Exercise instructions |
Once the pictures have been set aside, copy every remaining entry exactly.

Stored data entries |
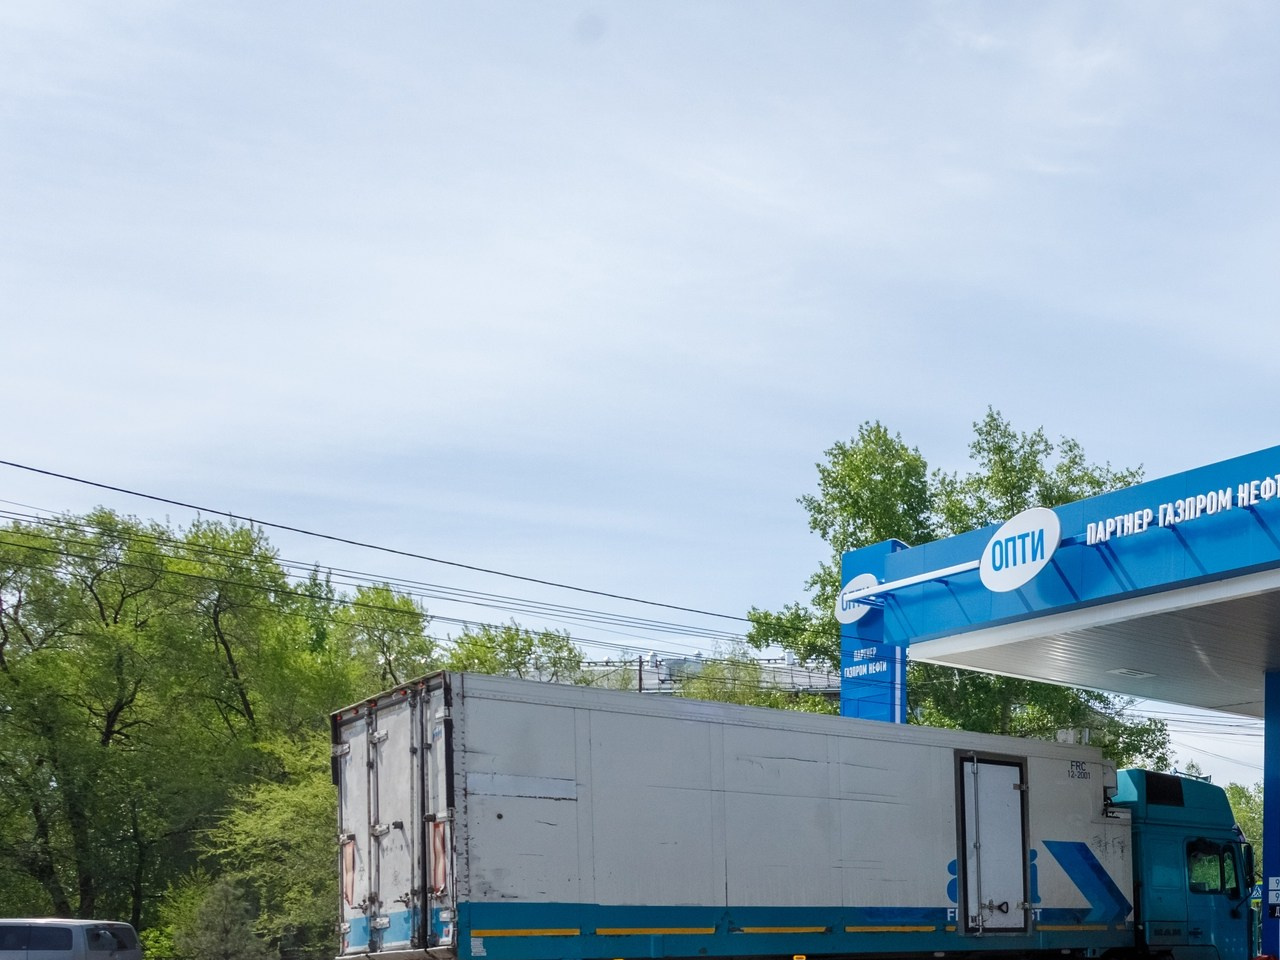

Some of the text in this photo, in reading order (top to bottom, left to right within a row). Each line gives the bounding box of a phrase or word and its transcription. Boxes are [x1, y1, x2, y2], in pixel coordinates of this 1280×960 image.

[1086, 508, 1153, 545] ПАРТНЕР
[1158, 487, 1233, 528] ГАЗПРОМ
[991, 528, 1045, 572] ОПТИ
[843, 660, 887, 678] ГАЗПРОМ НЕФТИ
[1067, 769, 1091, 780] 12-2001
[1070, 760, 1087, 772] FRC
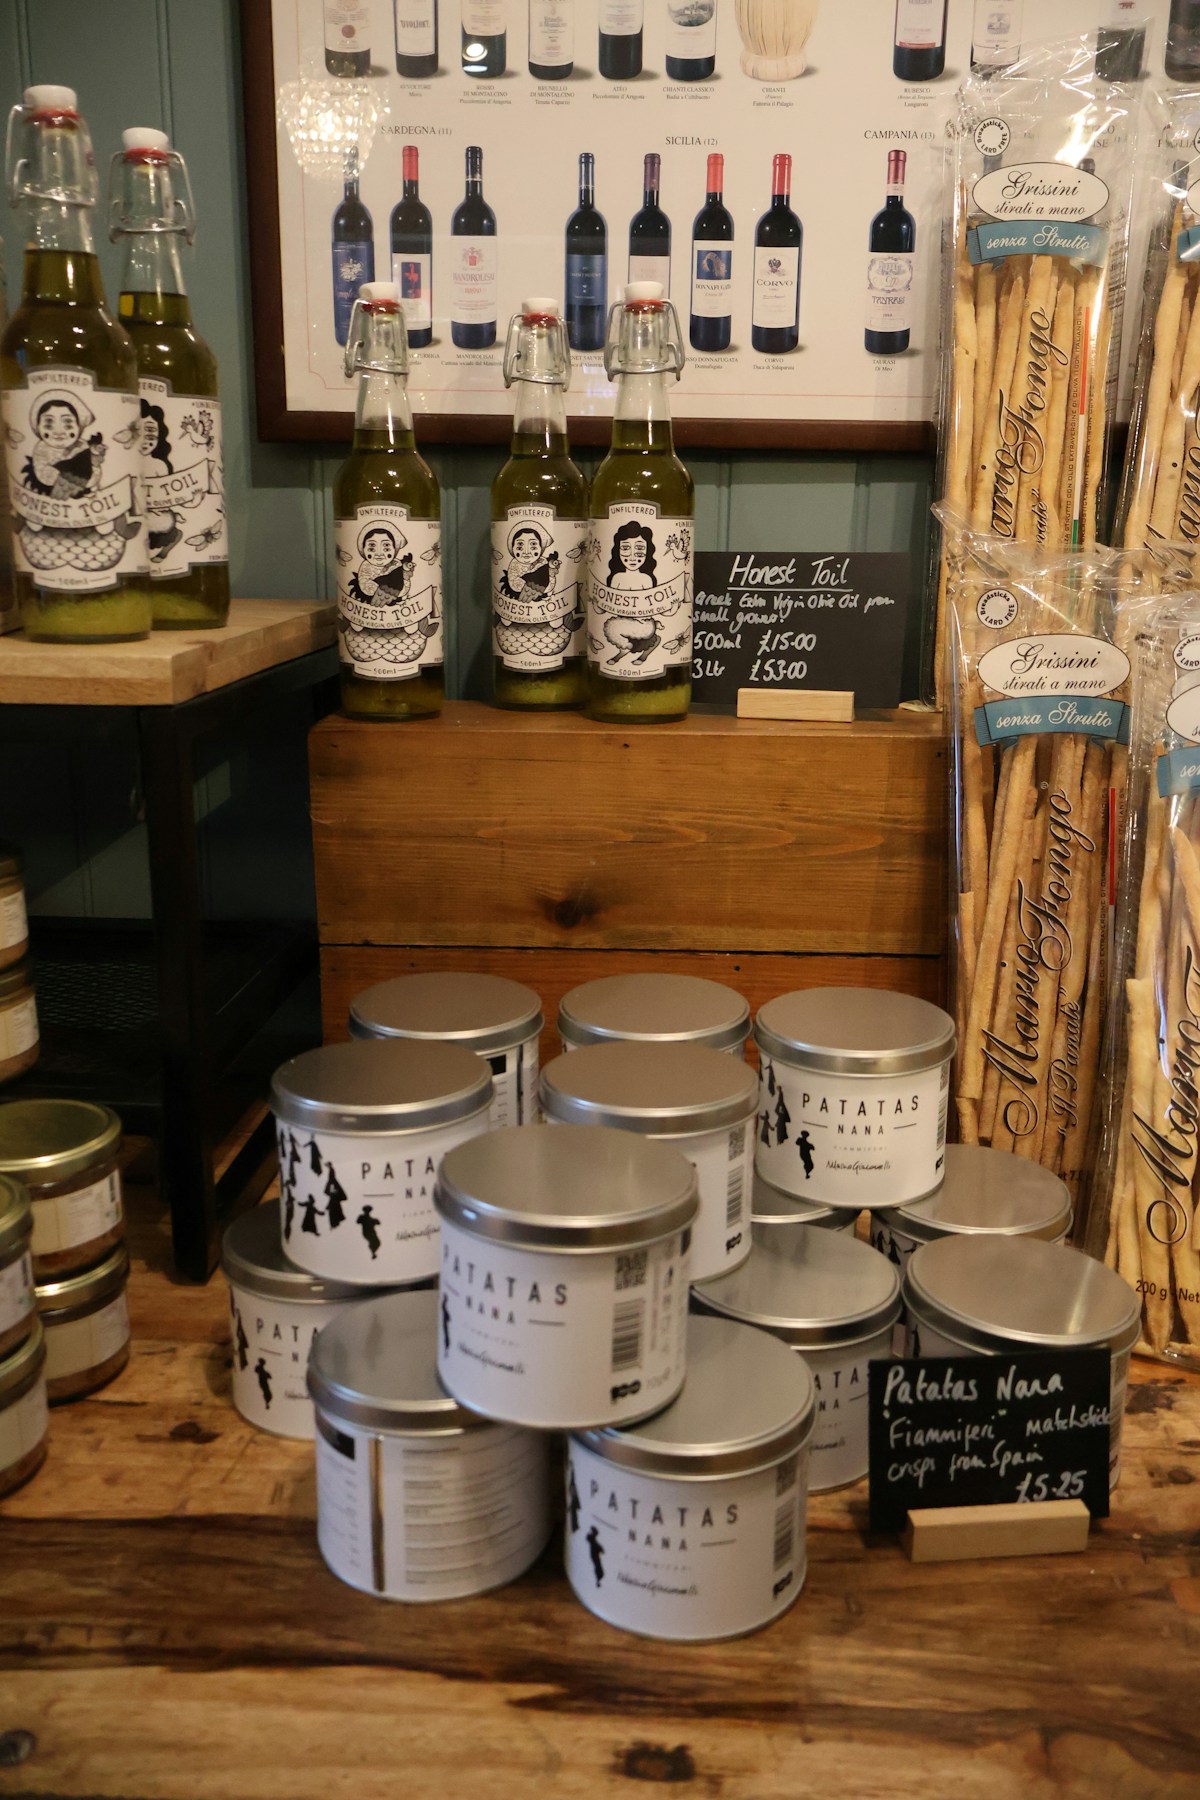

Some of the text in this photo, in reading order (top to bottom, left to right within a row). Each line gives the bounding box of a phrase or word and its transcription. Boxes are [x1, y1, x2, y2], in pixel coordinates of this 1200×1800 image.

[381, 126, 436, 135] SARDEGNA
[665, 136, 718, 146] SICILIA (12)
[864, 130, 935, 140] CAMPANIA (13)
[981, 132, 1008, 153] LARD FREE
[1001, 170, 1081, 200] Grissini
[1036, 206, 1045, 215] a
[1048, 206, 1086, 216] mano
[986, 225, 1090, 250] senza Strutto
[756, 278, 793, 287] CORVO
[30, 374, 90, 386] UNFILTERED
[160, 473, 198, 496] TOIL
[79, 493, 120, 518] TOIL
[359, 508, 404, 518] UNFILTERED
[509, 509, 550, 518] UNFILTERED
[610, 505, 655, 516] UNFILTERED
[729, 554, 850, 586] Honest Toil
[494, 594, 569, 616] HONEST TOIL
[592, 582, 677, 607] HONEST TOIL
[980, 591, 1010, 615] Breadsticks
[341, 596, 424, 621] HONEST TOIL
[602, 602, 666, 616] EXTRA VIRGIN OLIVE OIL
[692, 608, 729, 623] small
[774, 593, 804, 619] Virgin
[807, 593, 836, 609] Olive
[839, 593, 859, 608] Oil
[985, 604, 1015, 625] LARD FREE
[351, 616, 365, 626] EXTRA
[694, 629, 817, 656] 500ml £15.00
[1010, 643, 1101, 674] Grissini
[1180, 657, 1200, 668] LARD
[749, 659, 808, 681] £53.00
[1002, 676, 1106, 690] stirati a mano
[996, 700, 1113, 729] senza Strutto
[1018, 788, 1096, 972] Fongo
[981, 942, 1040, 1137] Mario
[802, 1092, 919, 1116] PATATAS
[837, 1125, 884, 1135] NANA
[362, 1156, 435, 1180] PATA
[406, 1186, 427, 1199] NA
[1135, 1280, 1200, 1303] 200 g Net
[465, 1296, 515, 1324] NANA
[883, 1365, 978, 1406] Patatas
[996, 1365, 1064, 1401] Nana
[819, 1398, 839, 1412] NA
[950, 1454, 986, 1481] from
[990, 1440, 1044, 1477] Spain
[590, 1479, 739, 1527] PATATAS
[628, 1529, 688, 1551] NANA

Response box |
Some of the text in this photo, in reading order (top to bottom, left to right within a row). Each line gives the bounding box of a phrase or word and its transcription. Boxes are [x1, y1, x2, y2], in pixel coordinates of this 1280×960 image.

[1086, 508, 1153, 545] ПАРТНЕР
[1158, 487, 1233, 528] ГАЗПРОМ
[991, 528, 1045, 572] ОПТИ
[843, 660, 887, 678] ГАЗПРОМ НЕФТИ
[1067, 769, 1091, 780] 12-2001
[1070, 760, 1087, 772] FRC

Some of the text in this photo, in reading order (top to bottom, left to right within a row). Each line gives the bounding box of a phrase or word and its transcription. Boxes are [x1, y1, x2, y2], in pixel coordinates of this 1200×1800 image.

[381, 126, 436, 135] SARDEGNA
[665, 136, 718, 146] SICILIA (12)
[864, 130, 935, 140] CAMPANIA (13)
[981, 132, 1008, 153] LARD FREE
[1001, 170, 1081, 200] Grissini
[1036, 206, 1045, 215] a
[1048, 206, 1086, 216] mano
[986, 225, 1090, 250] senza Strutto
[756, 278, 793, 287] CORVO
[30, 374, 90, 386] UNFILTERED
[160, 473, 198, 496] TOIL
[79, 493, 120, 518] TOIL
[359, 508, 404, 518] UNFILTERED
[509, 509, 550, 518] UNFILTERED
[610, 505, 655, 516] UNFILTERED
[729, 554, 850, 586] Honest Toil
[494, 594, 569, 616] HONEST TOIL
[592, 582, 677, 607] HONEST TOIL
[980, 591, 1010, 615] Breadsticks
[341, 596, 424, 621] HONEST TOIL
[602, 602, 666, 616] EXTRA VIRGIN OLIVE OIL
[692, 608, 729, 623] small
[774, 593, 804, 619] Virgin
[807, 593, 836, 609] Olive
[839, 593, 859, 608] Oil
[985, 604, 1015, 625] LARD FREE
[351, 616, 365, 626] EXTRA
[694, 629, 817, 656] 500ml £15.00
[1010, 643, 1101, 674] Grissini
[1180, 657, 1200, 668] LARD
[749, 659, 808, 681] £53.00
[1002, 676, 1106, 690] stirati a mano
[996, 700, 1113, 729] senza Strutto
[1018, 788, 1096, 972] Fongo
[981, 942, 1040, 1137] Mario
[802, 1092, 919, 1116] PATATAS
[837, 1125, 884, 1135] NANA
[362, 1156, 435, 1180] PATA
[406, 1186, 427, 1199] NA
[1135, 1280, 1200, 1303] 200 g Net
[465, 1296, 515, 1324] NANA
[883, 1365, 978, 1406] Patatas
[996, 1365, 1064, 1401] Nana
[819, 1398, 839, 1412] NA
[950, 1454, 986, 1481] from
[990, 1440, 1044, 1477] Spain
[590, 1479, 739, 1527] PATATAS
[628, 1529, 688, 1551] NANA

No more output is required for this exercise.